I am wondering if you are as troubled as I am by how these estimates are being used. First, websites like County Health Rankings and City Health Dashboard are providing these estimates to the public without any disclaimer that these are not actually random samples of cities/counties/tracts and may not reflect reality. Second, and more problematically, researchers are starting to conduct ecologic studies that analyze the association, for example, between census tract socioeconomic composition and obesity prevalence (It seems quite likely that the study is actually just identifying the individual-level association between income and obesity used to produce the estimates).

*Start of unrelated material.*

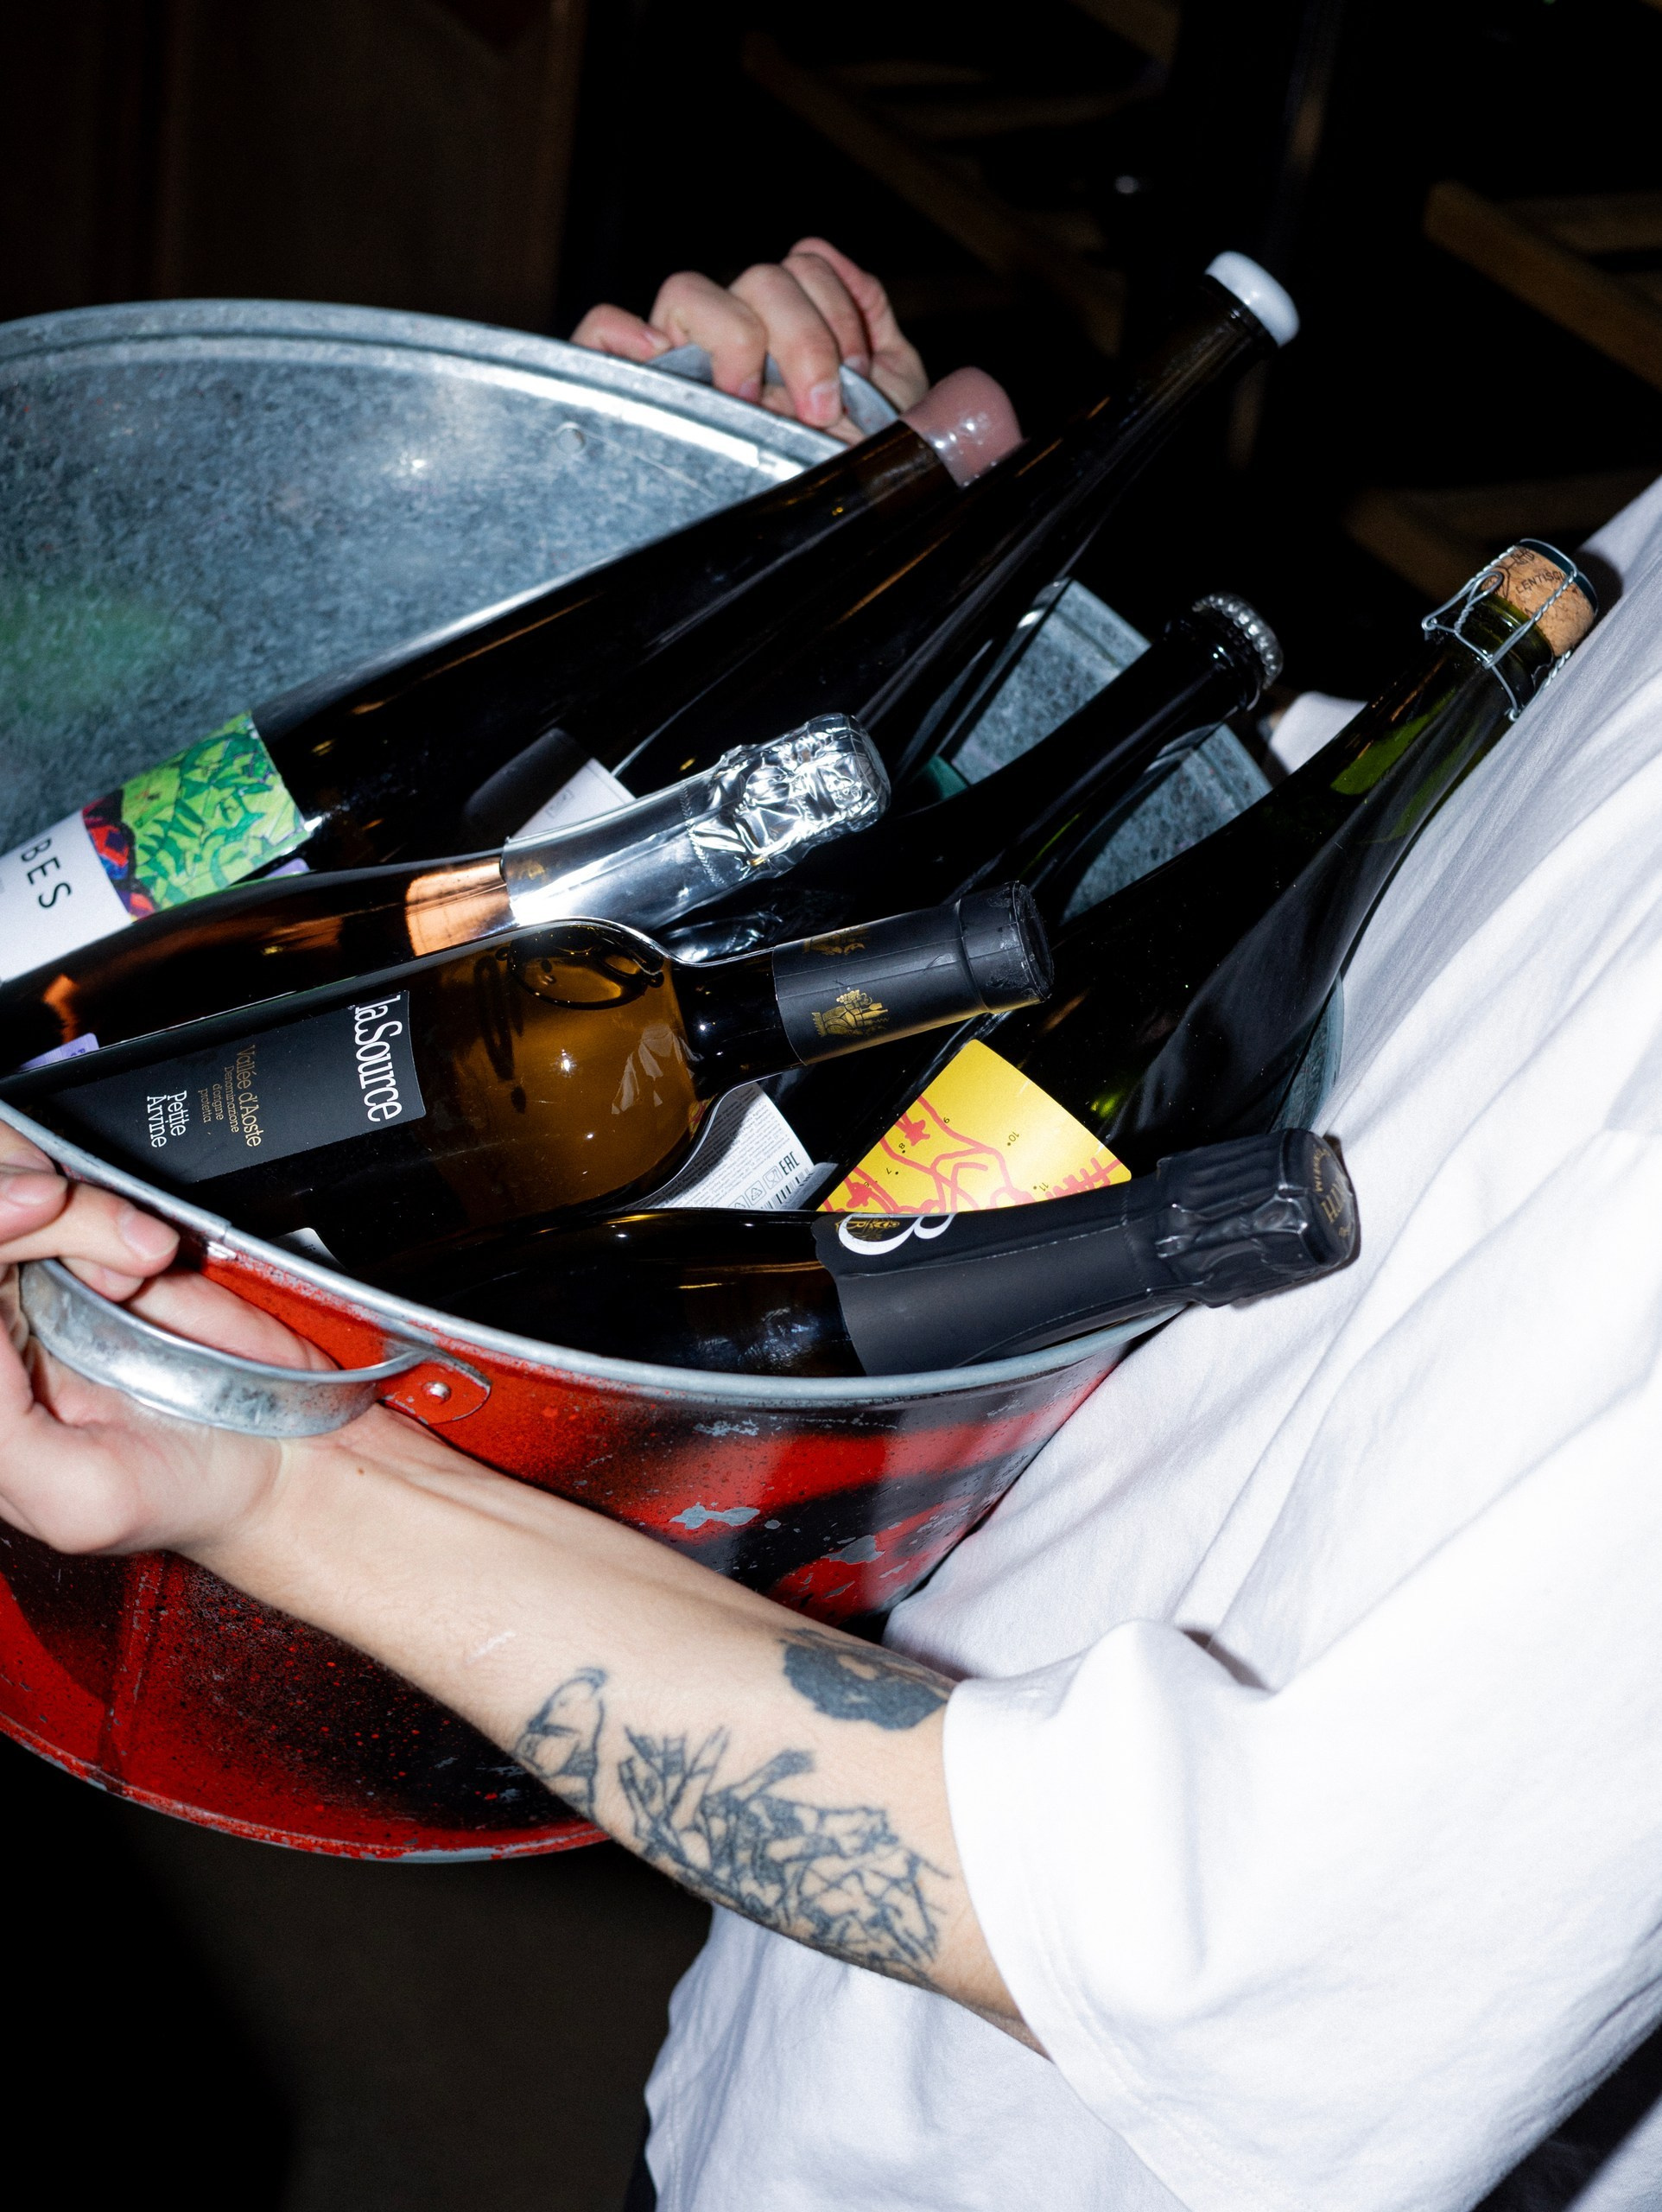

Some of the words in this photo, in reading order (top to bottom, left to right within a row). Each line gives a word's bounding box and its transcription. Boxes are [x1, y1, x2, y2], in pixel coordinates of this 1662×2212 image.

I’ve now become involved in a couple of projects that are trying to analyze these estimates so it seems as though their use will increase over time. The only disclaimer that CDC provides is that the estimates shouldn’t be used to evaluate policy.

Are you more confident about the use of these estimates than I am? I am also wondering if CDC should be more explicit in disclosing their limitations to prevent misuse.

My reply:

Wow, N = 450K. That’s quite a survey. (I know my correspondent called it “n,” but when it’s this big, I think the capital letter is warranted.) And here’s the page where they mention Mister P! And they have a web interface.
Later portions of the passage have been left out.